Update: We’ve included a transcript of the video for the hearing impaired and well, we think all videos should have transcripts. For transcripts we used 3Play Media. We uploaded the video, they transcribed it, we paid via paypal, all under a week and under $30 for two videos total.

LADY ADA: Hi. I’m Lady Ada from Adafruit Industries, and I’m going to share with you some information about my latest project. But before I get into the technical details, I’d like you to watch this video. It’s from a conference I attended two years ago.

MALE SPEAKER: And I’m from Washington, and I’m here to help. You probably saw on YouTube, there’s a video going around, and it says don’t tase me, bro. Well, and non-lethal weapons are really pretty critically important. And so, what I have with me is a dazzler. So, the dazzler is a seasickness machine. And what it does, it uses LEDs, and it’s a random generator and it affects your equilibrium.

I’m not going to point it at you, I was with a group of GE executives yesterday and I held it up like this, and just the reflection made them nauseous. We’re trying to change from don’t tase me, bro, to daz me, bro. And that’s it. Let me know when you’re feeling bad. Anyway, thank you so much.

LADY ADA: So we decided to look online to find out more information. And we ended up finding some news stories.

REPORTER: And tonight Homeland Security has spent close to a million dollars on a flashlight that can stop you in your tracks. Even law enforcement says it is going to be controversial. We wanted to see just how effective the light is.

OK, that’s a lot brighter. Those blotches in my vision stayed with me for about a half hour after the test. And then a strong headache kicked in. It’s still a little blinding.

LADY ADA: Like most government projects, the Dazzler was actually invented and developed by an outside consulting firm. So we looked up some information about this firm. Found the patent, and looked up exactly what it is that they did. The portable flashlight flashes green LEDs about ten hertz. This causes flash blindness, startling, disorientation, vertigo, and occasional vomiting. We thought, we could probably do that for under a million dollars. So we put together this project for about $250 and are publishing all the information. So that you can build one of these at home.

SECOND FEMALE: Here is the project enclosure. So I re-used a flashlight that I got from Sears. So this is the head, which holds the LEDs, the electronics inside. This push-button is how we activate it. It’s not turned on right now. And here is a lead-acid battery that provides power. Up here, we have 36 LEDs. Each one has a lens that focuses the optics. So I’m going to remove just the lens, and you can see that there’s a basic heat sink with the fan on the back, to help with a little heat sinking.

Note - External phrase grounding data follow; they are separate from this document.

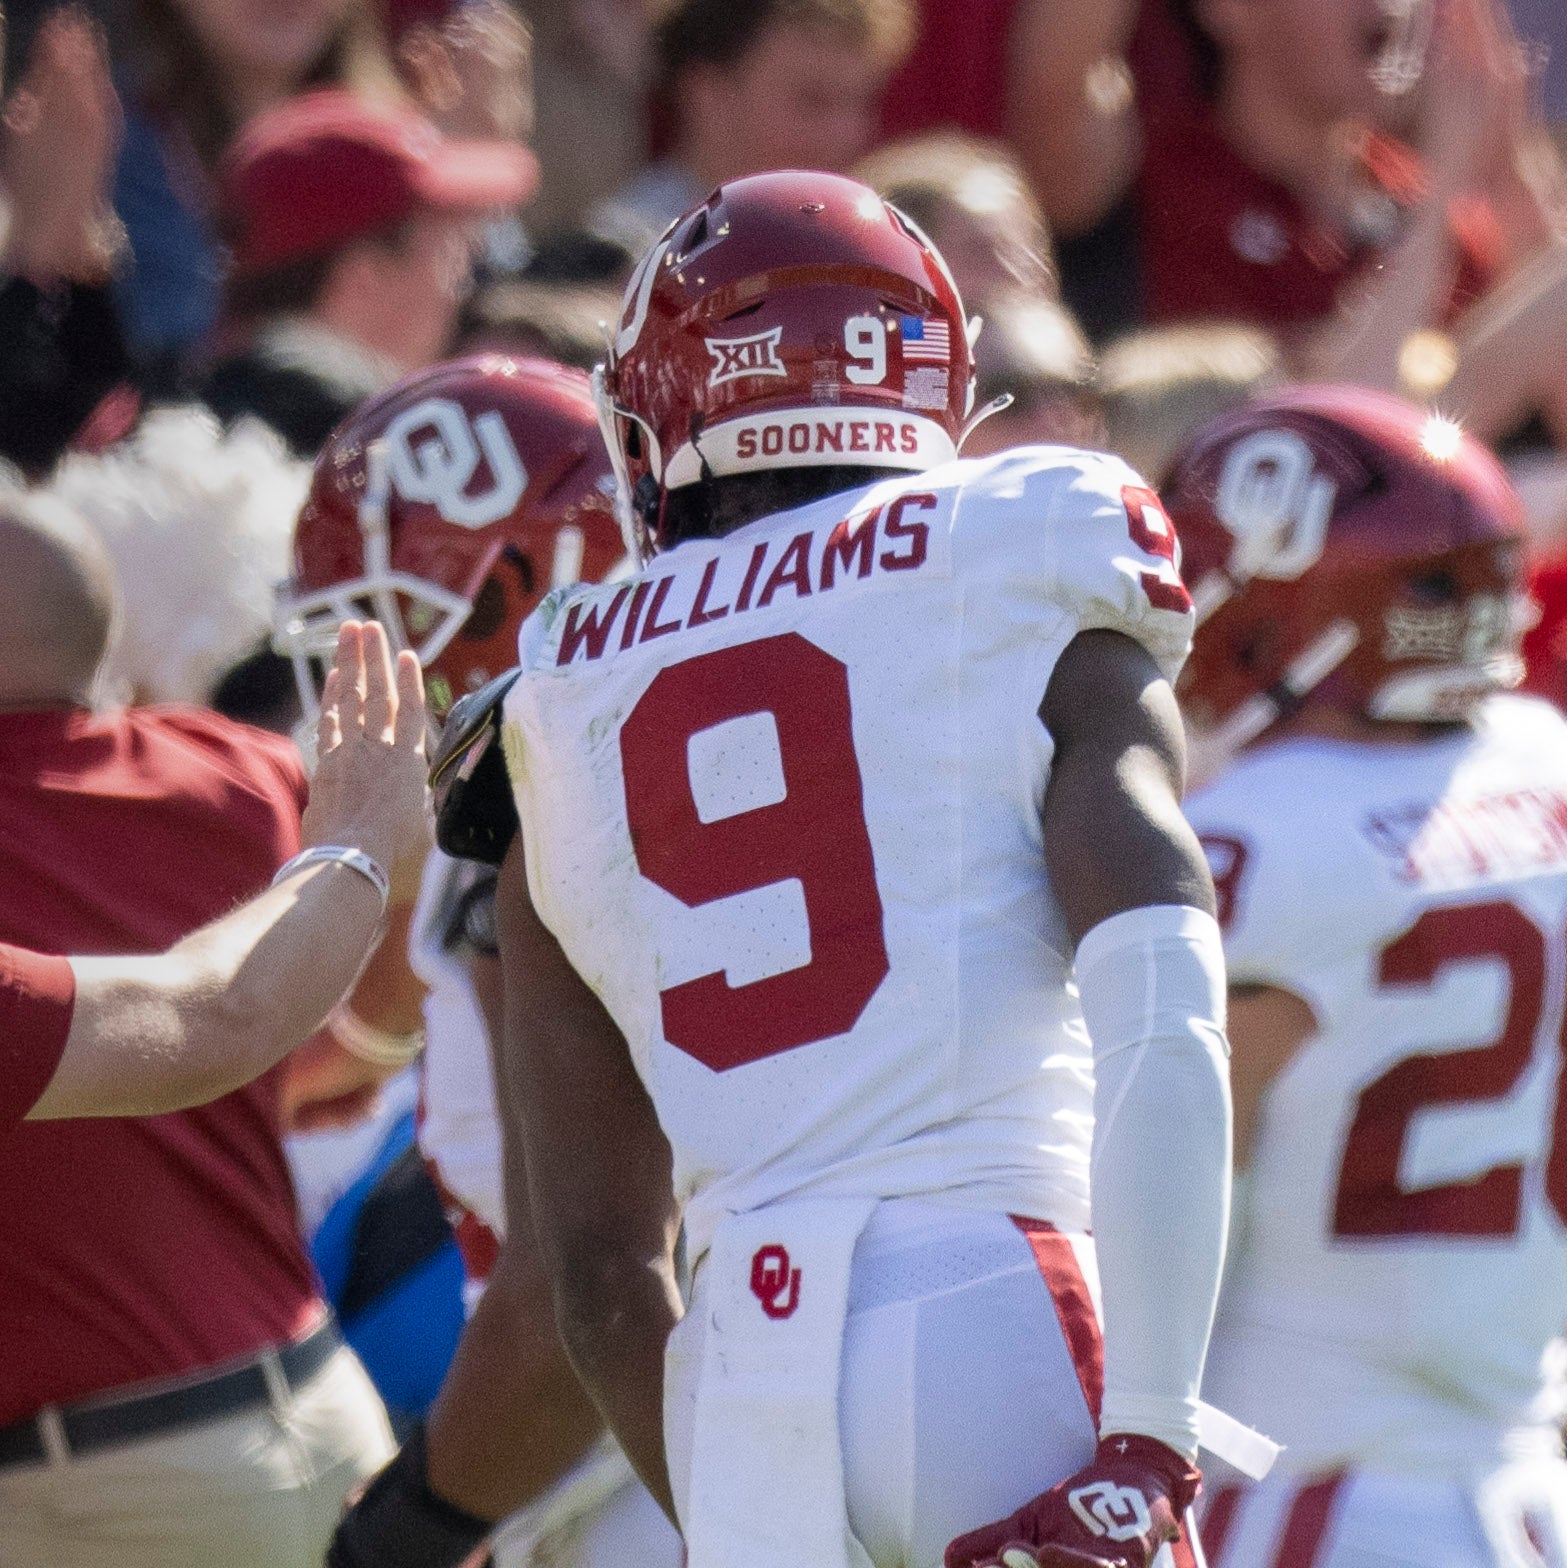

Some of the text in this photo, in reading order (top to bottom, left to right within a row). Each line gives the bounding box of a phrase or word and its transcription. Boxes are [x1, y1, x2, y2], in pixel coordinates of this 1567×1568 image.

[844, 316, 887, 384] 9
[384, 399, 529, 530] OU
[736, 423, 919, 460] SOONERS
[555, 494, 939, 667] WILLIAMS
[1120, 484, 1193, 613] 9
[620, 632, 890, 1073] 9
[750, 1244, 802, 1320] OU
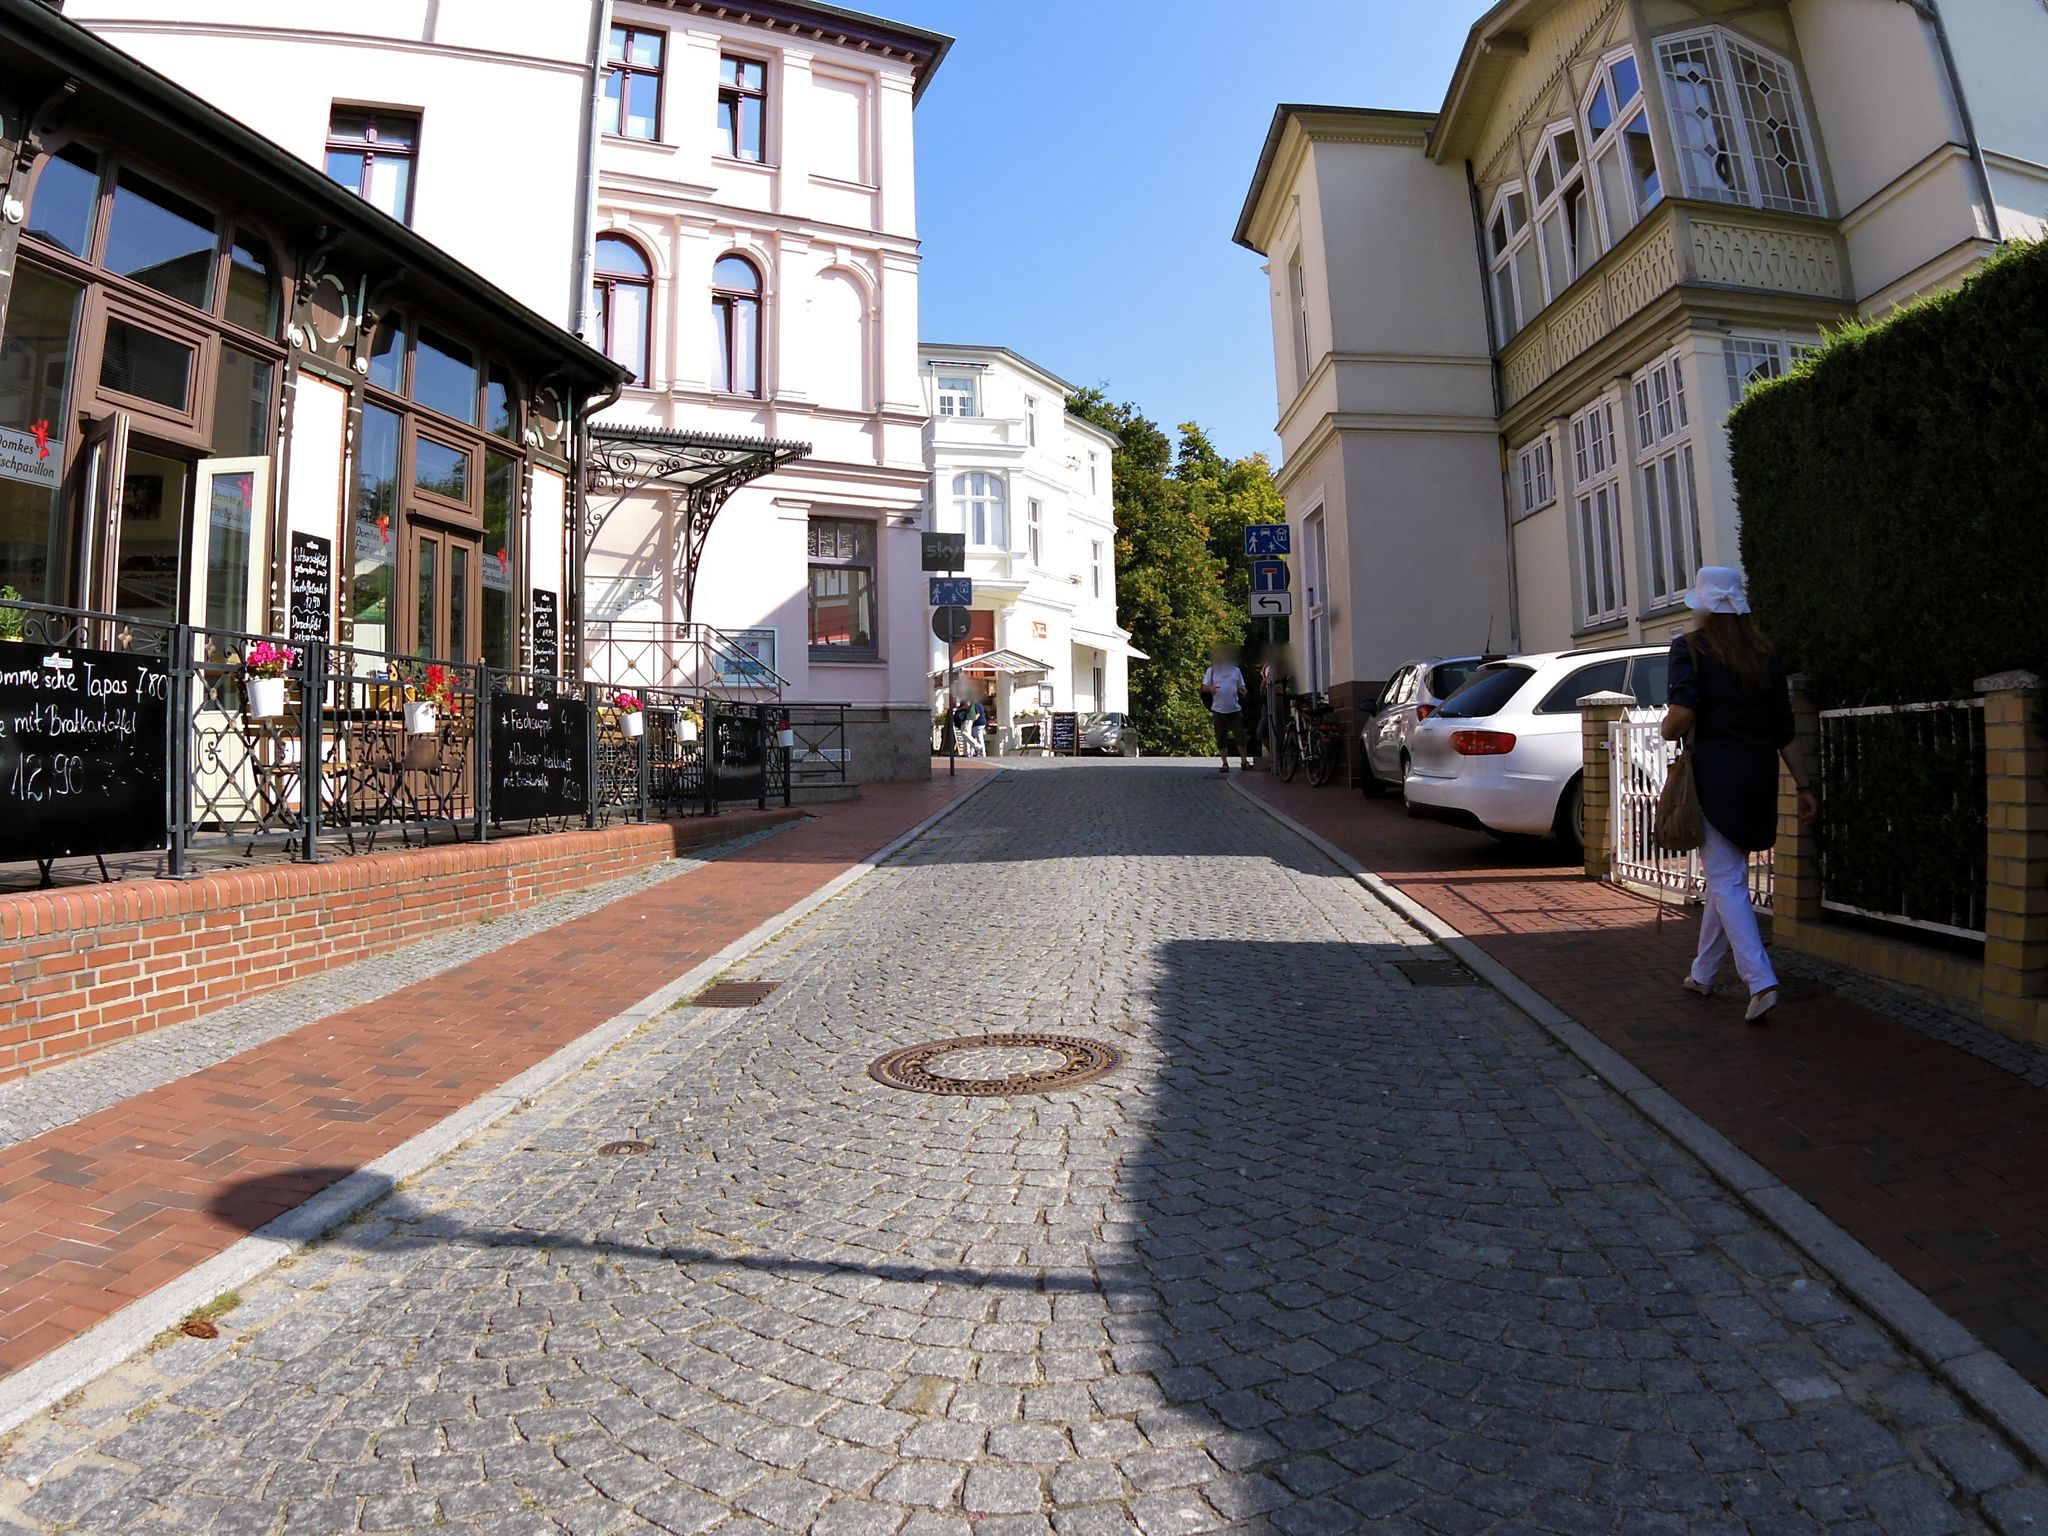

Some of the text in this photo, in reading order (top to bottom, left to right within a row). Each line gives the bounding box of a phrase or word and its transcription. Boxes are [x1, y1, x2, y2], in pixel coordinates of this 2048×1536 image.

[0, 454, 55, 479] schpavillon
[926, 540, 960, 562] sky
[84, 661, 128, 707] Tapas
[14, 702, 43, 733] mit
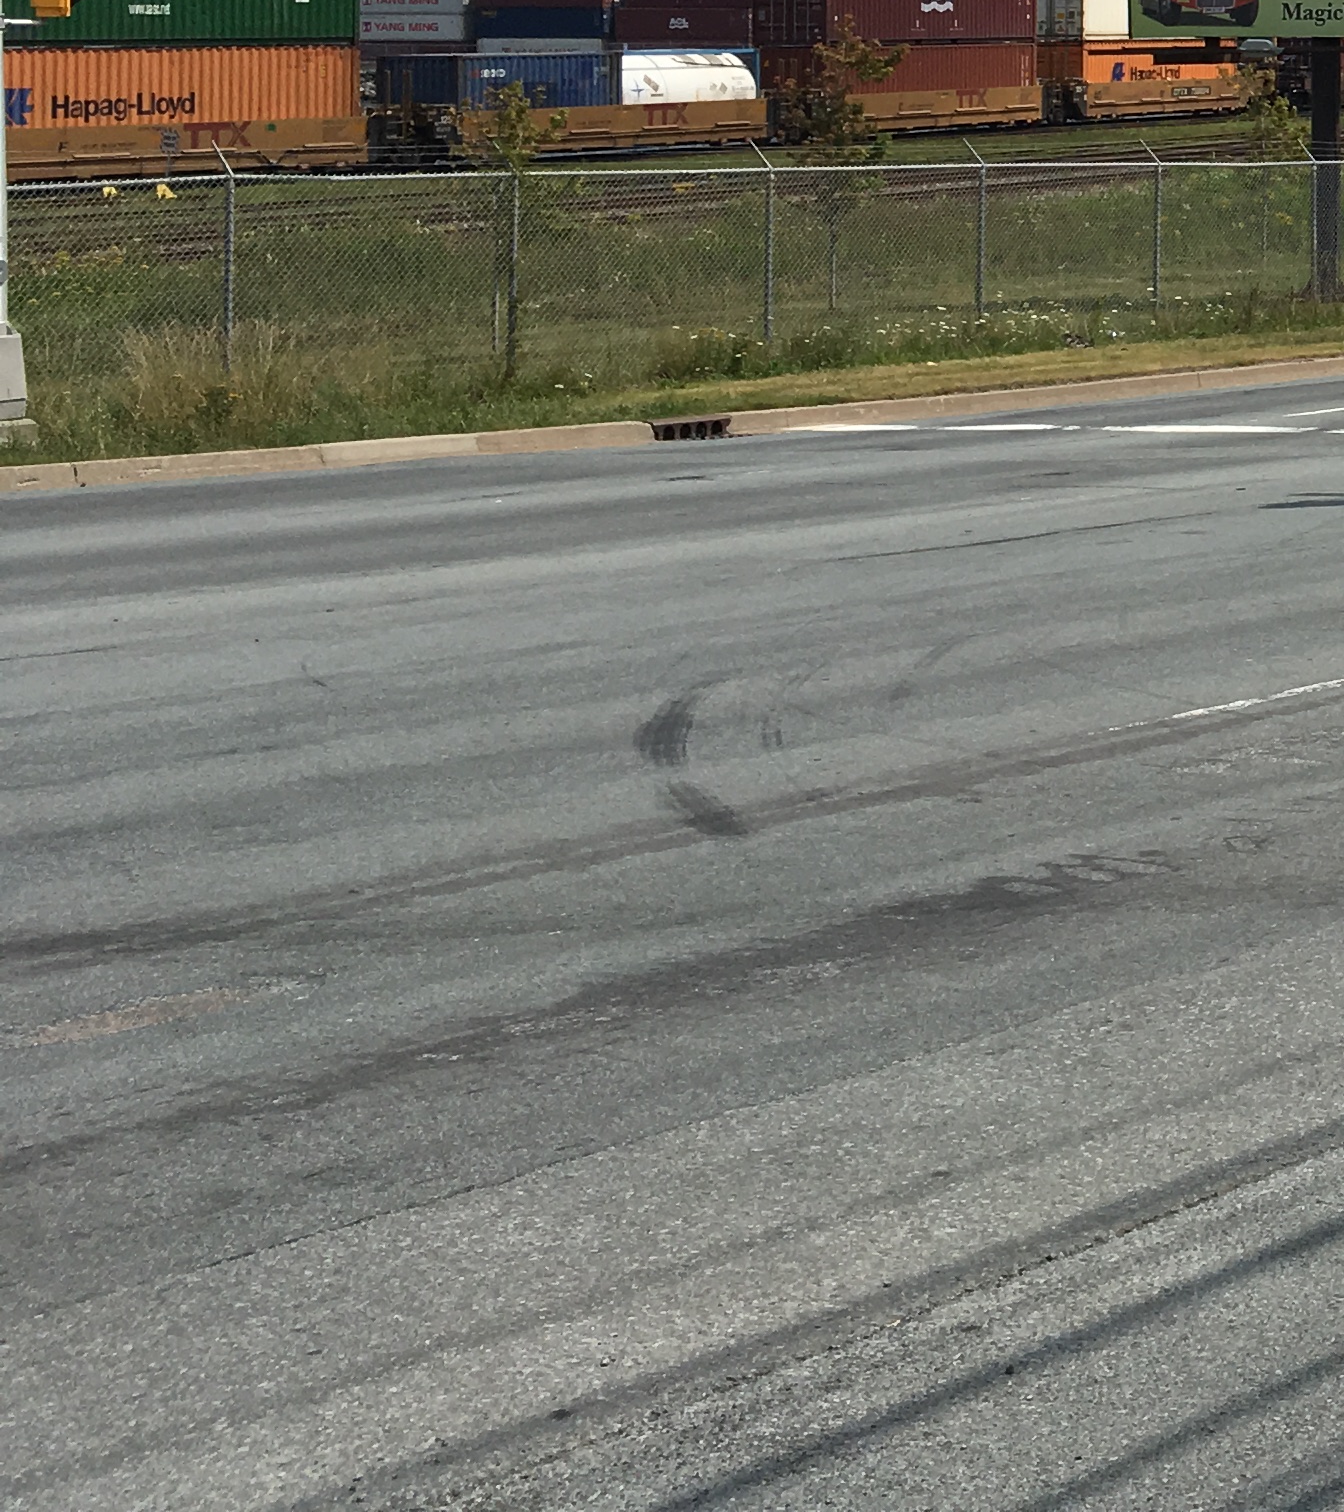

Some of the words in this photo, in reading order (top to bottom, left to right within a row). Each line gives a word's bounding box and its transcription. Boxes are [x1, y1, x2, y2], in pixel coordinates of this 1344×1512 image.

[374, 22, 405, 32] YANG
[408, 22, 439, 32] MING
[51, 92, 196, 123] Hapag-Lloyd
[183, 121, 252, 149] TTX

Here we have the circuit board. We have six driver frets, two for each color, red, green and blue. We have a Arduino clone here, which I use to basically do the pulse with modulation, the randomization and mode selection. And there’s a wire that travels down the body to the battery. Then behind here, you can remove this plate. There’s a 9-volt battery that powers just the Arduino, it’s a separate power supply to avoid noise that comes from the pulse with modulation. Reprogramming header for updating the firmware, and a mode button which lets me change what kind of display it is.

FEMALE SPEAKER: Want to make one yourself? Well, we’ve got the schematics, source code and circuit board layouts all available online at ladyada.net/make/bedazzler. You may be wondering, does it really work?

SECOND FEMALE: Bedazzler human subject test. Ready in 3, 2, 1.

MALE:: My eyes. The goggles.They do nothing.

LADY ADA: Well, turns out it doesn’t work that well. But it is great for raves.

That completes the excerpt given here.